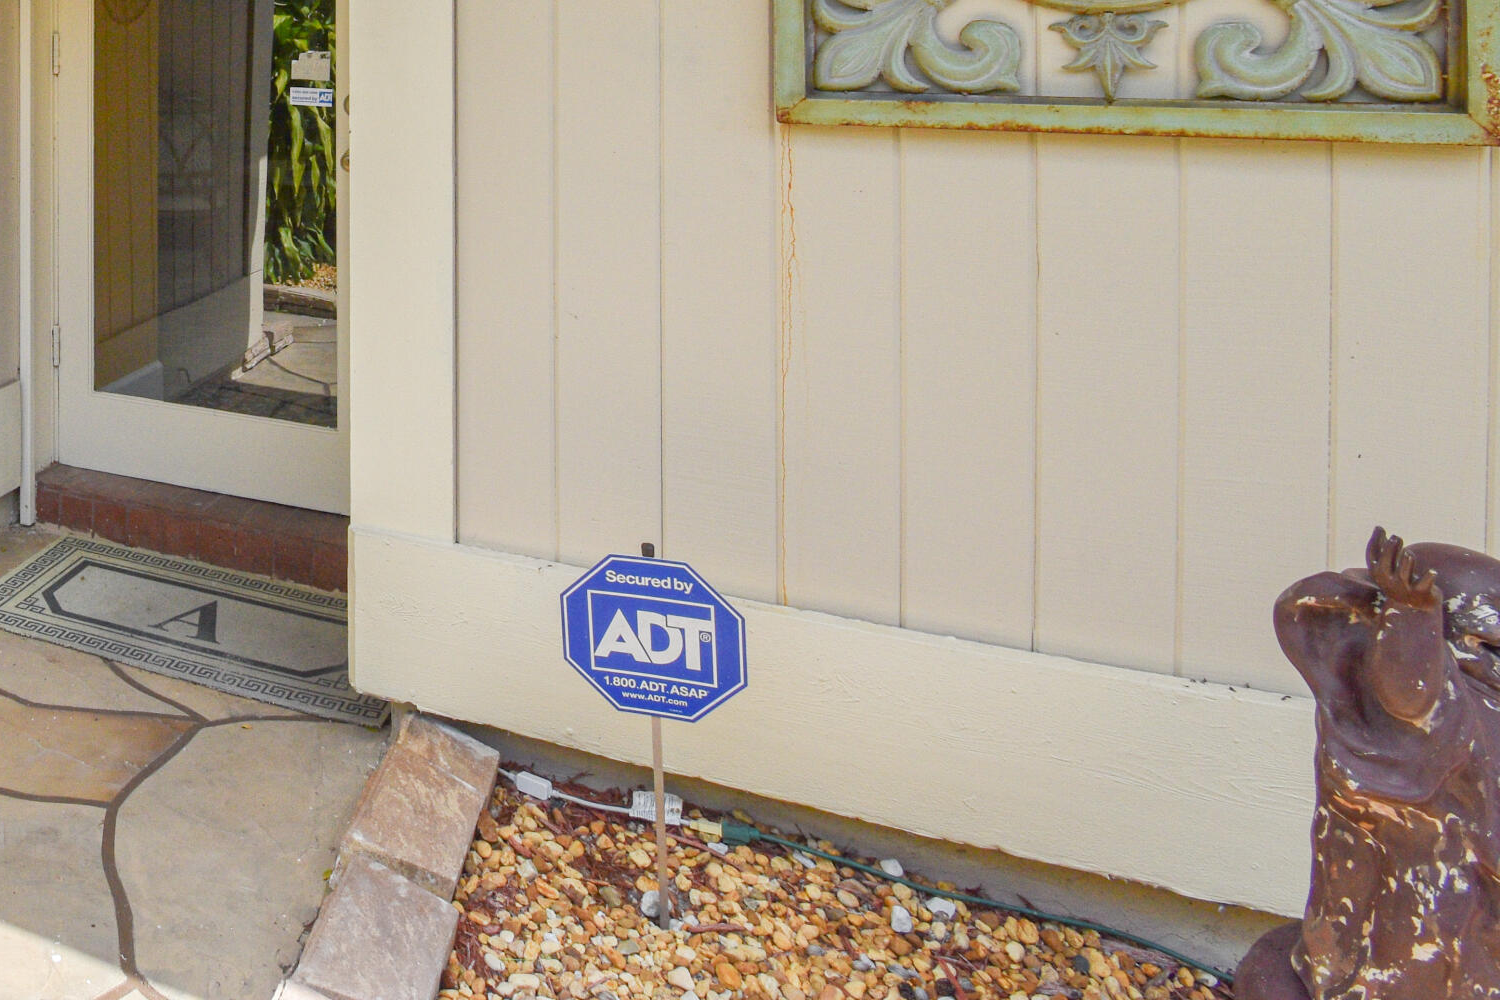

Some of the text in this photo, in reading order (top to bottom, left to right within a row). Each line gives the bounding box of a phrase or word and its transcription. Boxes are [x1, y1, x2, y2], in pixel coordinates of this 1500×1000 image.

[605, 570, 694, 594] Secured by
[148, 600, 220, 645] A
[603, 676, 708, 699] 1.800.ADT.ASAP
[621, 691, 688, 707] www.ADT.com
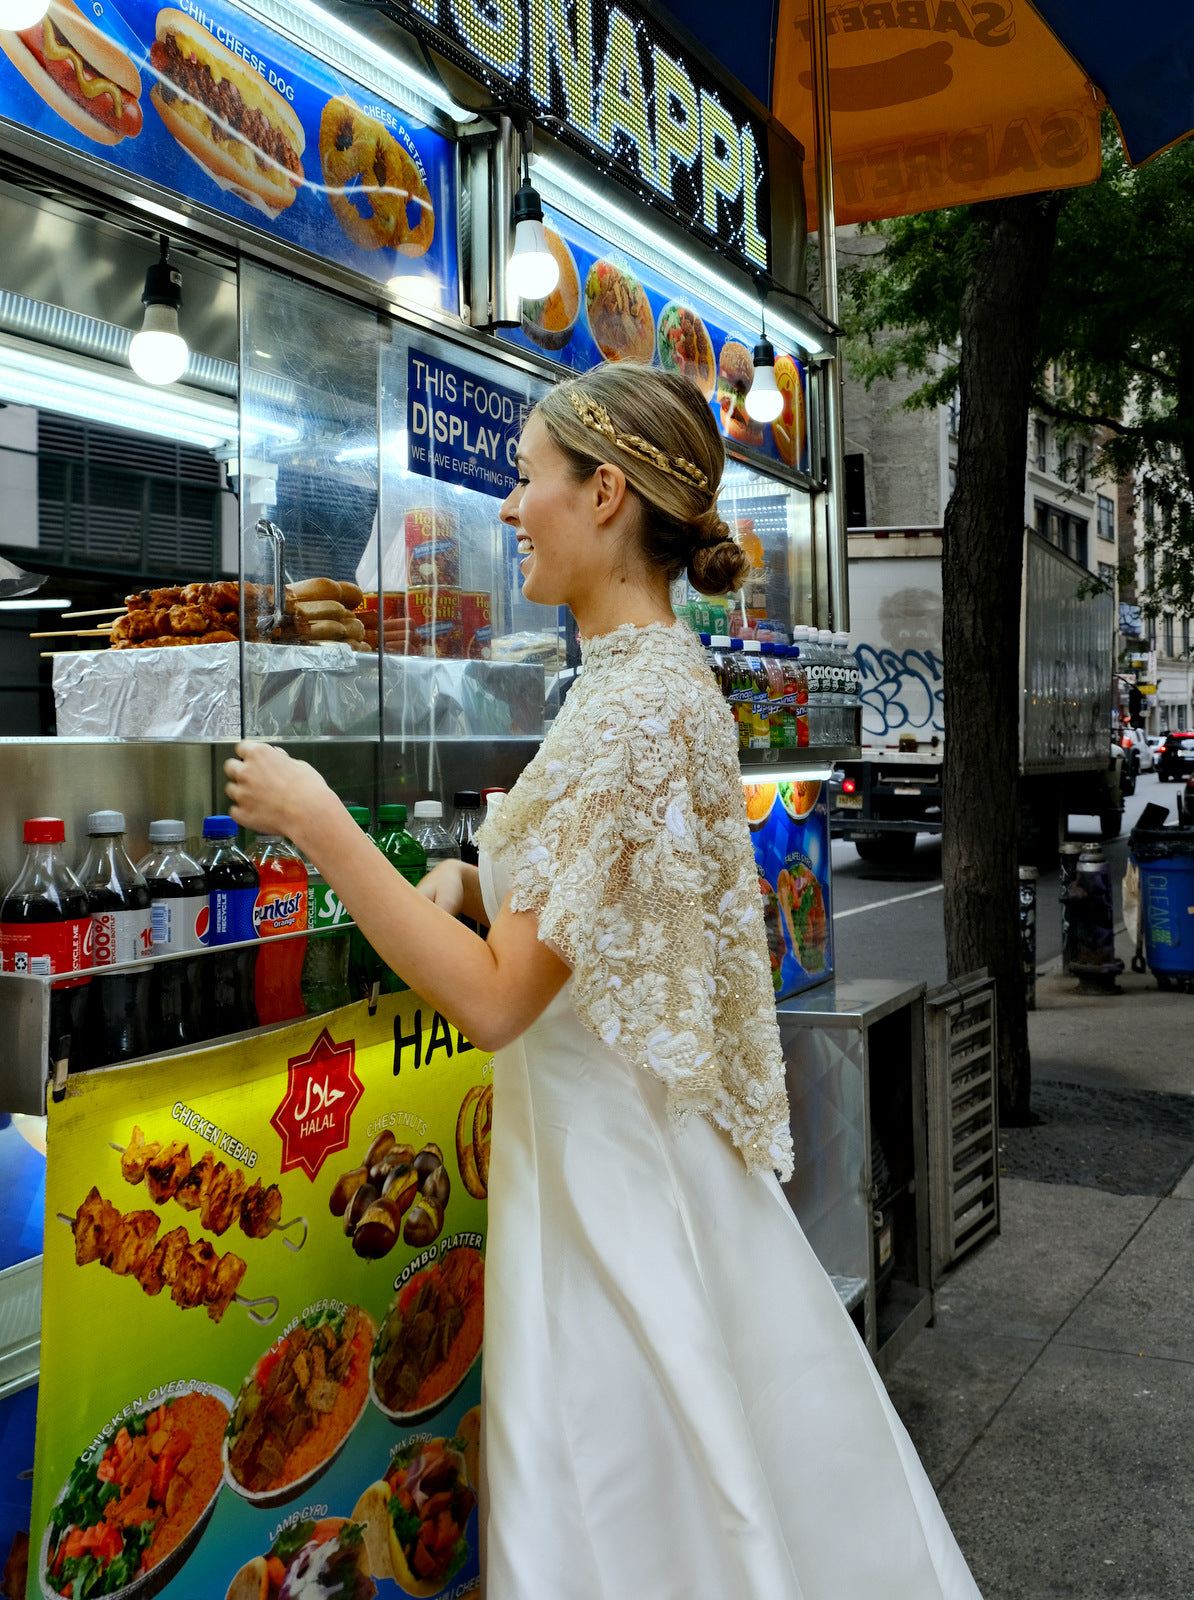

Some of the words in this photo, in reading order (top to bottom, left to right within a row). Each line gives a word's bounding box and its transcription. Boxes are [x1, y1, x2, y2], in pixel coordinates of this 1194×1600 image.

[179, 0, 214, 34] CHILI
[216, 26, 266, 78] CHEESE
[268, 70, 295, 101] DOG
[363, 104, 398, 130] CHEESE
[398, 125, 428, 187] PRETZEL
[412, 359, 457, 403] THIS
[463, 381, 514, 424] FOOD
[412, 401, 501, 461] DISPLAY
[411, 445, 426, 462] WE
[427, 450, 450, 469] HAVE
[452, 459, 502, 486] EVERYTHING
[273, 917, 296, 928] Orange
[318, 889, 349, 924] Sp
[72, 924, 79, 939] ME
[94, 915, 111, 967] 100%
[294, 1074, 346, 1121] حلال
[171, 1101, 222, 1146] CHICKEN
[218, 1132, 258, 1169] KEBAB
[300, 1113, 335, 1138] HALAL
[366, 1111, 428, 1138] CHESTNUTS
[393, 1244, 438, 1291] COMBO
[440, 1232, 483, 1253] PLATTER
[270, 1316, 299, 1354] LAMB
[301, 1298, 328, 1320] OVER
[329, 1298, 349, 1317] RICE
[80, 1396, 143, 1463] CHICKEN
[147, 1379, 186, 1401] OVER
[188, 1378, 213, 1397] RICE
[389, 1440, 407, 1457] MIX
[408, 1432, 433, 1445] GYRO
[269, 1512, 301, 1542] LAMB
[301, 1503, 329, 1519] GYRO
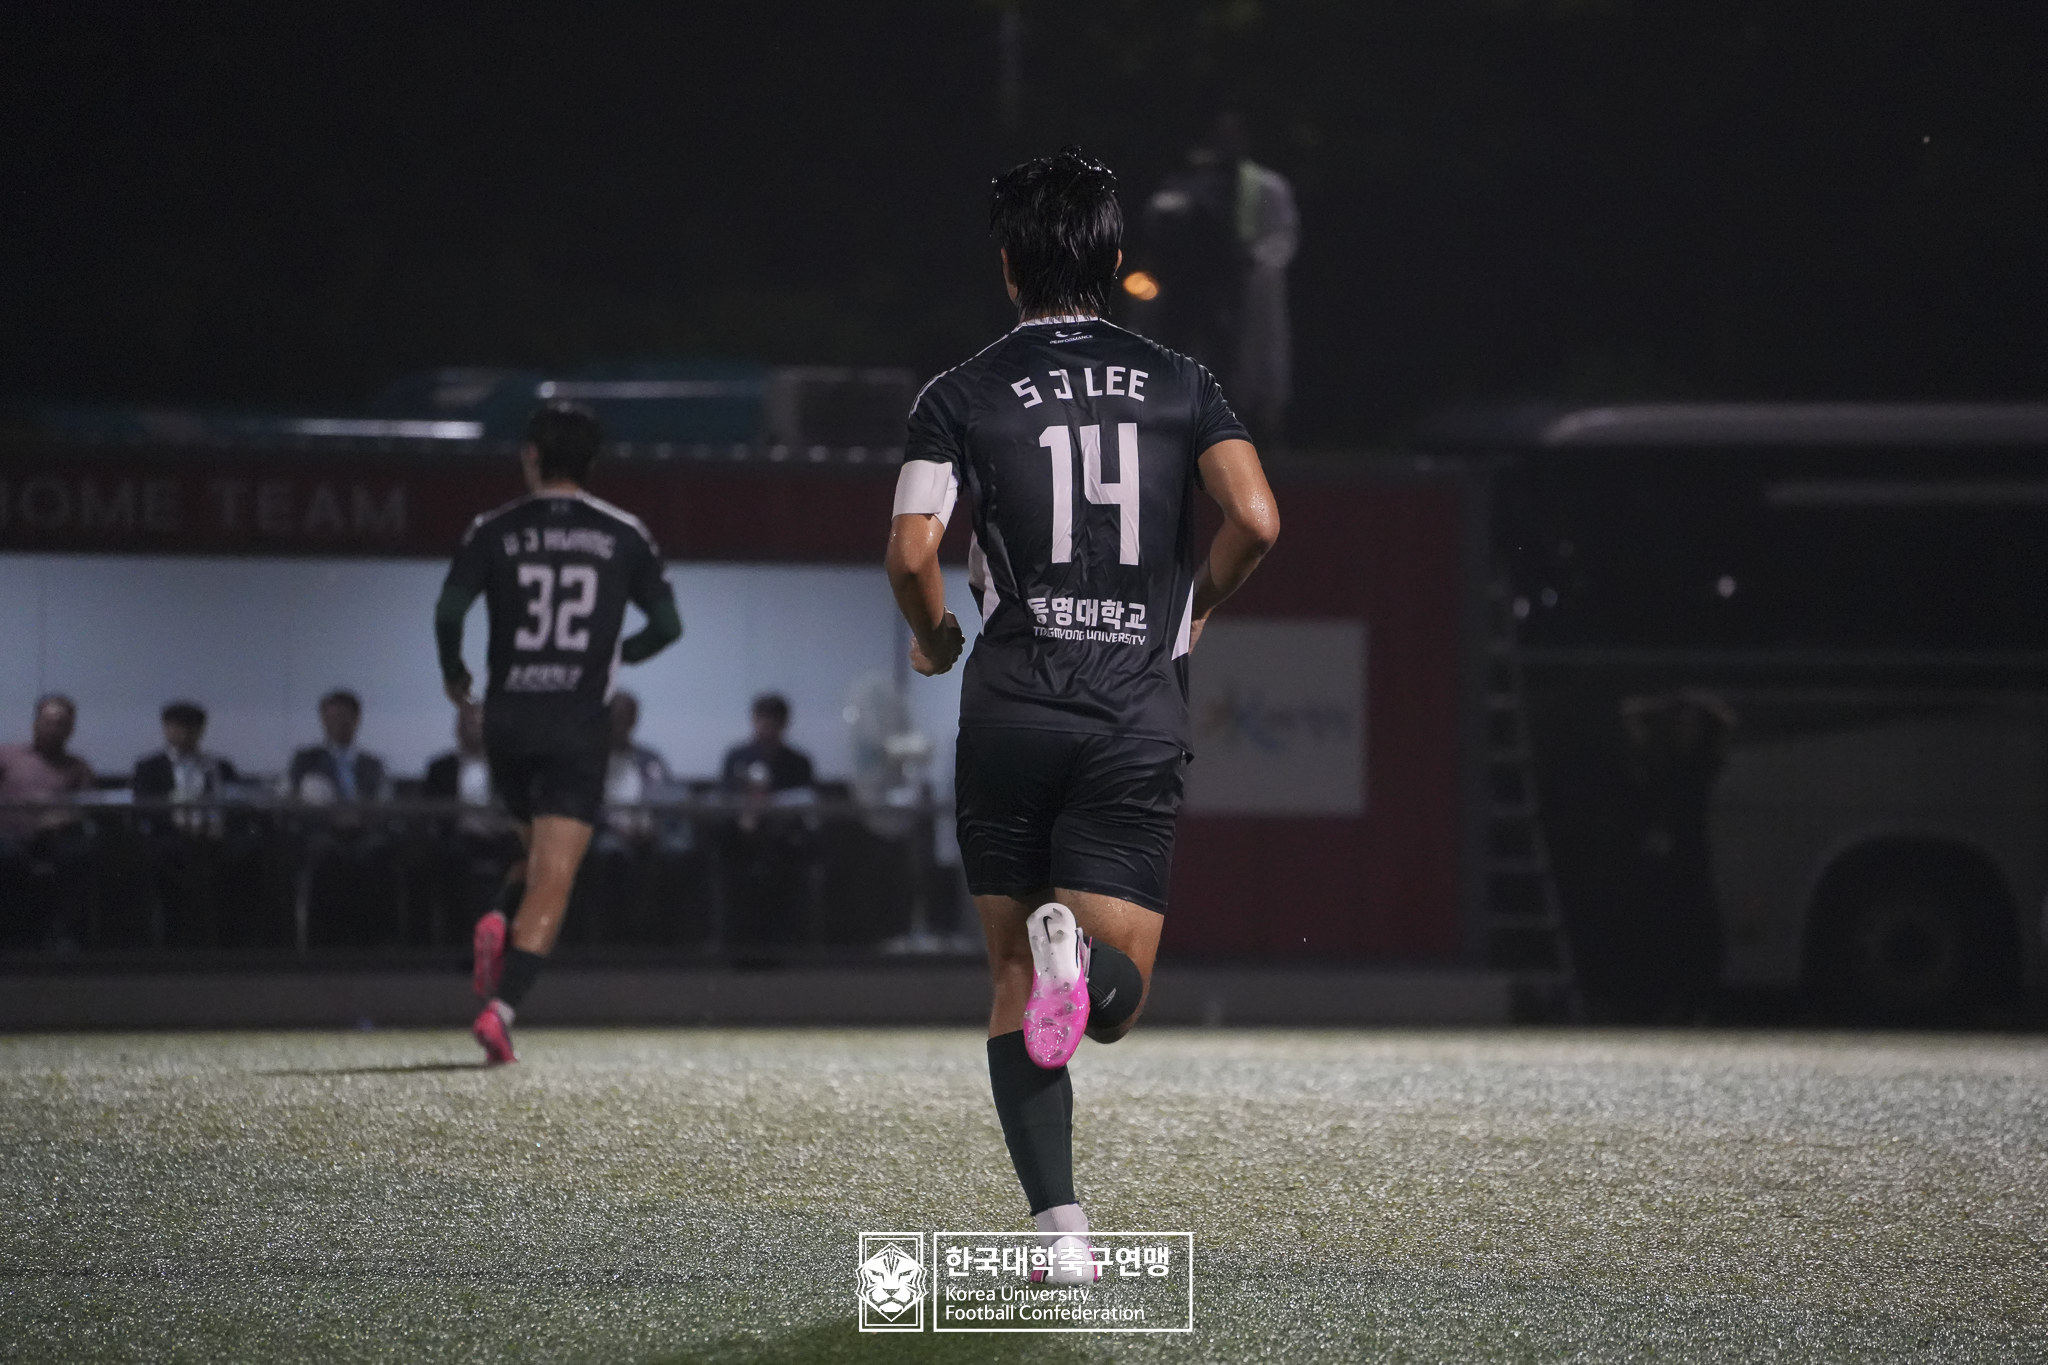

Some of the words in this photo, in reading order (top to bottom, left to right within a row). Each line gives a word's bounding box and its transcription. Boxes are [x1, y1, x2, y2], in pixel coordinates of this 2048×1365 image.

**EXERCISE DIRECTIONS**
All records must be output exactly as they are, except for the pictures, which are left out.

**ANSWER AREA**
Some of the text in this photo, in reading order (top to bottom, left to right within a row). Each line gives the bounding box of a phrase or word and its transcription. Boxes are [x1, y1, x2, y2], in pixel coordinates of this 1500×1000 image.

[605, 570, 694, 594] Secured by
[148, 600, 220, 645] A
[603, 676, 708, 699] 1.800.ADT.ASAP
[621, 691, 688, 707] www.ADT.com

Some of the words in this photo, in reading order (top to bottom, left to right within a row). Each line gives a word's bounding box and its transcription. Boxes are [x1, y1, x2, y2], in pixel coordinates of this 1194×1600 image.

[179, 0, 214, 34] CHILI
[216, 26, 266, 78] CHEESE
[268, 70, 295, 101] DOG
[363, 104, 398, 130] CHEESE
[398, 125, 428, 187] PRETZEL
[412, 359, 457, 403] THIS
[463, 381, 514, 424] FOOD
[412, 401, 501, 461] DISPLAY
[411, 445, 426, 462] WE
[427, 450, 450, 469] HAVE
[452, 459, 502, 486] EVERYTHING
[273, 917, 296, 928] Orange
[318, 889, 349, 924] Sp
[72, 924, 79, 939] ME
[94, 915, 111, 967] 100%
[294, 1074, 346, 1121] حلال
[171, 1101, 222, 1146] CHICKEN
[218, 1132, 258, 1169] KEBAB
[300, 1113, 335, 1138] HALAL
[366, 1111, 428, 1138] CHESTNUTS
[393, 1244, 438, 1291] COMBO
[440, 1232, 483, 1253] PLATTER
[270, 1316, 299, 1354] LAMB
[301, 1298, 328, 1320] OVER
[329, 1298, 349, 1317] RICE
[80, 1396, 143, 1463] CHICKEN
[147, 1379, 186, 1401] OVER
[188, 1378, 213, 1397] RICE
[389, 1440, 407, 1457] MIX
[408, 1432, 433, 1445] GYRO
[269, 1512, 301, 1542] LAMB
[301, 1503, 329, 1519] GYRO

Some of the words in this photo, in reading order (top to bottom, left to right within a row). Each line gives a word's bounding box and its transcription. Boxes are [x1, y1, x2, y2], in pixel coordinates of this 2048×1365 image.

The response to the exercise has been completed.